Electromagnetic flowmeter analysis capacitive touch sensor promotion application design

Suddenly, capacitive sensors are everywhere. They’re installed in car seats to control airbag deployment and seatbelt pretensioners, in dishwashers and dryers to correct the state of rotating drums, and even in refrigerators to control automatic defrosting. But until now, their biggest potential application has been in touch switches, which are increasingly appearing in consumer electronics.

Because mixed-signal IC processes are widely adopted, this technology allows chip designers to optimize the analog and digital subsystems of the chip to build capacitive sensors with unprecedented sensitivity and durability, and at a cost that is unmatched by mechanical switches.

how to work

Capacitive sensors can basically be divided into three categories: electric field sensors, relaxation oscillator-based sensors, and charge transfer (QT) devices. Electric field sensors usually generate a sine wave of several hundred kHz, then add this signal to the conductive disk of one plate of the capacitor and detect the signal level on the other conductive disk. When the user's mobile phone or another conductive object touches the two plates, the signal level at the receiver will change. By demodulating and filtering the signal on the plates, it is possible to obtain a DC voltage that varies with the change in capacitance; applying this voltage to the threshold detector can generate a touch/no touch signal.

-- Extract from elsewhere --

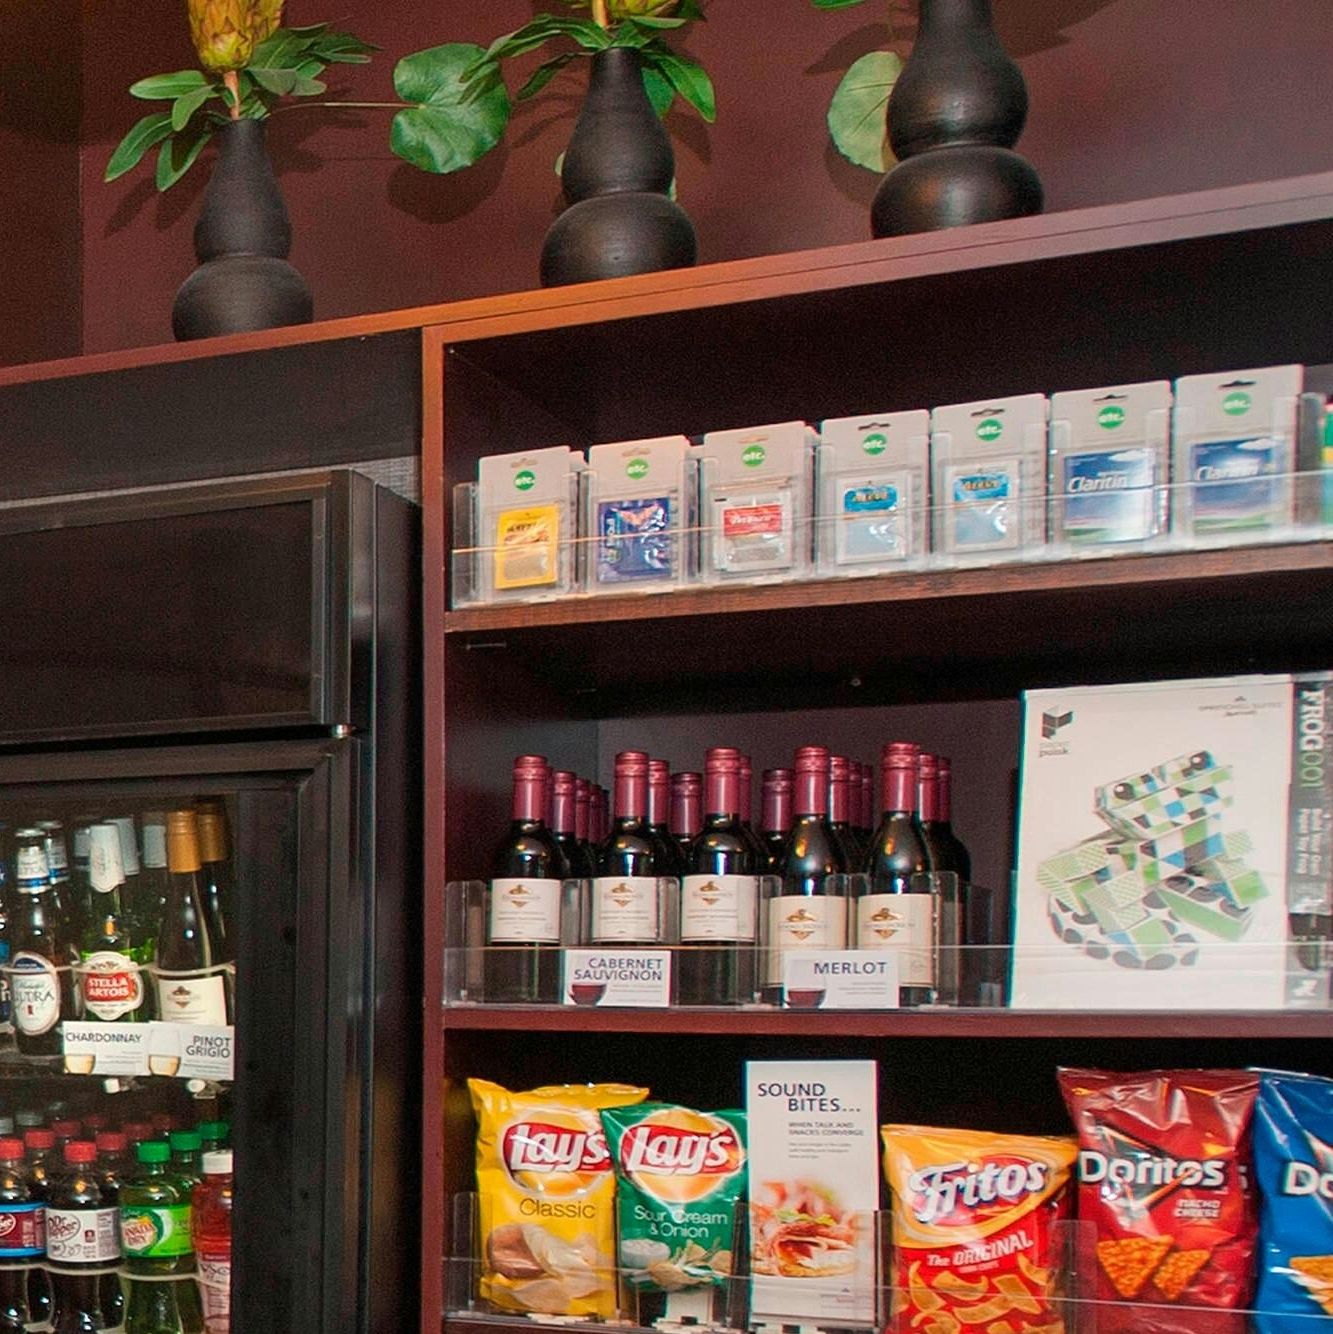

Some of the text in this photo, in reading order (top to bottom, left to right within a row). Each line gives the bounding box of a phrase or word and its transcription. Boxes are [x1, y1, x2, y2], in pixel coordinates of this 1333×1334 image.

The relaxation oscillator uses an electrode disk, on which the electrode capacitance forms the variable timing unit in the sawtooth oscillator. By feeding a constant current into the electrode line, the voltage on the electrode increases linearly with time. This voltage is provided to an input of a comparator, and the output of the comparator is connected to a ground switch connected in parallel with the electrode capacitance. When the electrode capacitance is charged to a predetermined threshold voltage, the comparator changes state and realizes the switching action - discharging the timing capacitor and opening the switch, and this action will be repeated periodically. As a result, the output of the comparator is a pulse train whose frequency depends on the value of the total timing capacitance. The electromagnetic flow meter sensor reports the touch/no touch status according to different frequency changes.

QT devices use a physical principle called charge retention. For example, a switch applies a voltage to the sensing electrode for a short period of time to charge it, then the switch is turned off, and a second switch releases the charge on the electrode to a larger sampling capacitor. The touch of a human finger increases the capacitance of the electrode, resulting in an increase in the charge transferred to the sampling capacitor, which changes the sampling capacitor and thus allows the detection result to be obtained.

QT devices perform digital signal processing after burst mode sampling. This approach provides higher dynamic range and lower power consumption than competing solutions, and the automatic calibration routine can compensate for drift caused by changing environmental conditions. More importantly, this method is sensitive enough that it does not require a reference ground connection when current passes through thick panels, making it suitable for battery-powered devices. Generally, multiple input channels can be used to implement sliding buttons or rotary buttons, while the dedicated QT series chips can achieve high-resolution linear sliding or rotary interfaces with only three channels with 7-bit (128-point) resolution.

Other possibilities

Many designers are using QT chips to replace resistive touch screens. Because this method only requires a single transparent layer to be laid on the screen for sensing, the absorption of light is greatly reduced compared to multi-layer resistive technology. OEMs also use multi-channel sensors to implement programmable opaque touch surfaces, and the configuration of the panel is adjusted by software, which can help reduce material costs. The same approach also provides users with the possibility to configure the touch screen according to their personal preferences. Users can download specifications from a network server or run a configuration program themselves.

This technology opens the door to many applications, such as electromagnetic flow meters using plane position detection QT devices, and end users can enter Chinese or other complex characters by moving on the numeric keypad of a mobile phone. However, the largest application of this technology is the plane coordinate touch screen, in which the lower surface sensing film can replace the resistive screen, and the single-layer film obtains high transparency and low cost, without the need to open holes in the front panel.